In 2011, Ponce began installing murals on the sides of buildings in poorer neighborhoods of the San Fernando Valley. Ponce began to paint his first few murals in Pacoima because it is his hometown and Ponce always saw artwork in other neighborhoods, but never in Pacoima. Ponce's hometown has also influenced his artwork. Ponce uses his art to address issues that impact the Latino community such as liberty, immigration, and the environment.

Ponce is noted for his influence on what has become known as "Mural Mile", a strip of Van Nuys Boulevard in Pacoima once covered in graffiti and defaced storefronts. Ponce began painting murals along walls facing the street, and was joined by other artists.

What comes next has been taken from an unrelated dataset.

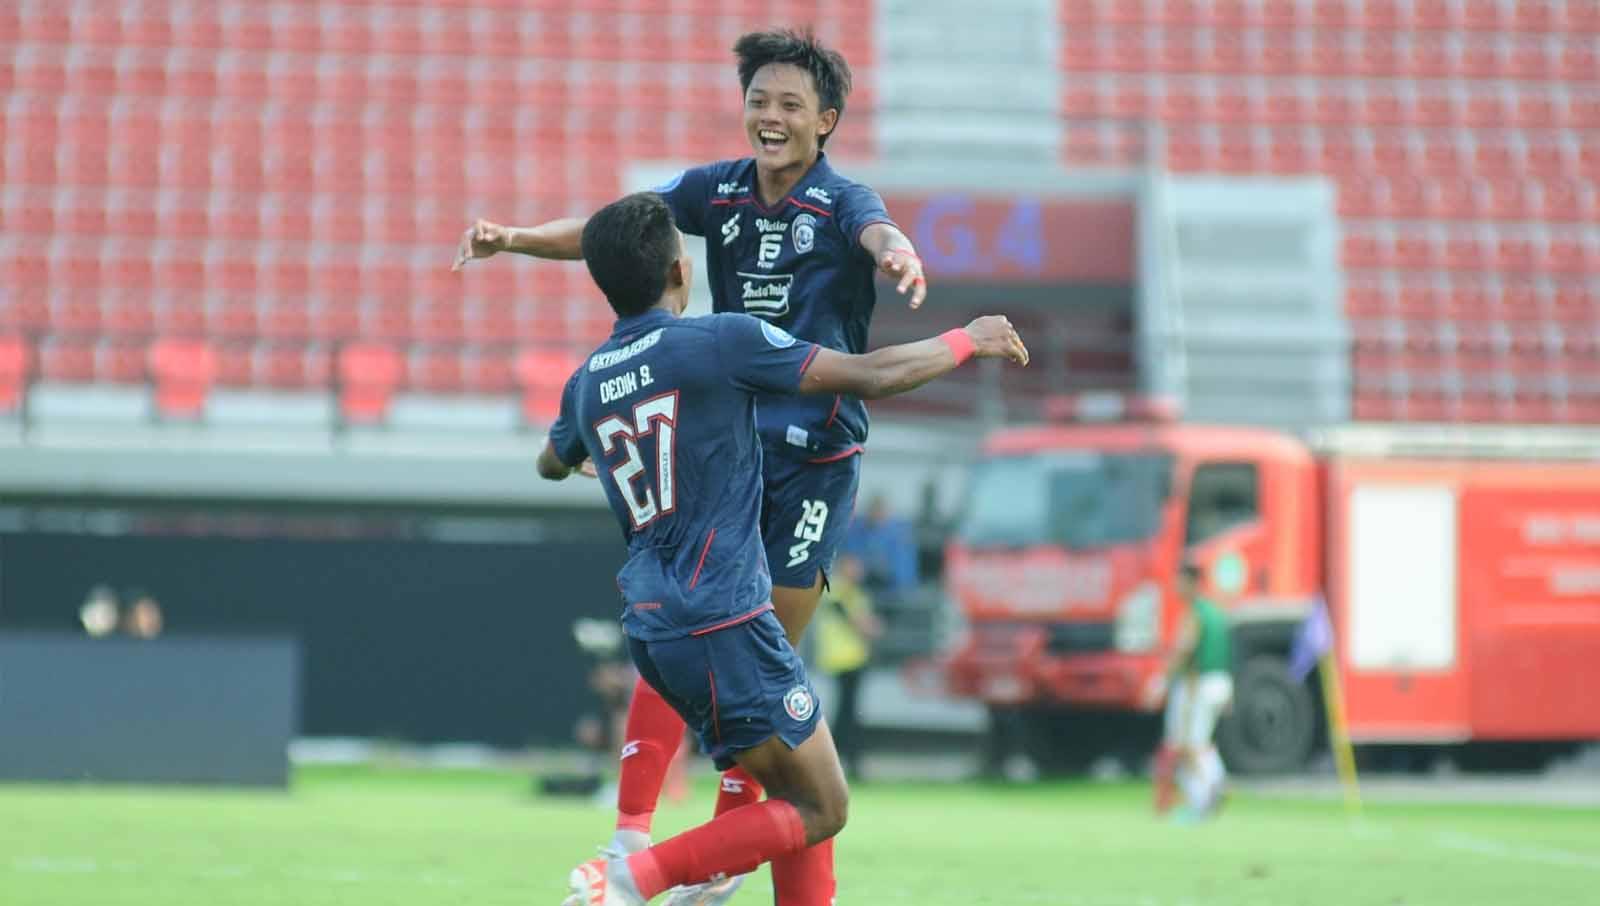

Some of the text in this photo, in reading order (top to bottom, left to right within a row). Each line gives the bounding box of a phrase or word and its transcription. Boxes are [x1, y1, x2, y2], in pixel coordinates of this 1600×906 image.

[600, 371, 638, 404] DEDIK
[592, 389, 680, 531] 27
[793, 499, 829, 543] 19

All of the murals that Ponce painted on Van Nuys Boulevard, Ponce paid with his own money. Early in his career, Ponce paid for many of his murals.

Ponce's art sometimes take the form of a community project, as volunteers are welcome to assist with public murals. Ponce stated that when he began to paint his murals, he only had 3 volunteers, but after his tenth mural he had 70 volunteers. Ponce allows for kids, students, and strangers to help in the mural, Ponce stated upon allowing people to help "'Everybody comes together to make this happen and I think that’s my biggest accomplishment, being able to rally the troops.'" "These are our artists here in Pacoima", said Ponce, "they don't have galleries. They don't have schools or universities and museums. When I say come help paint, it's like a gift to them".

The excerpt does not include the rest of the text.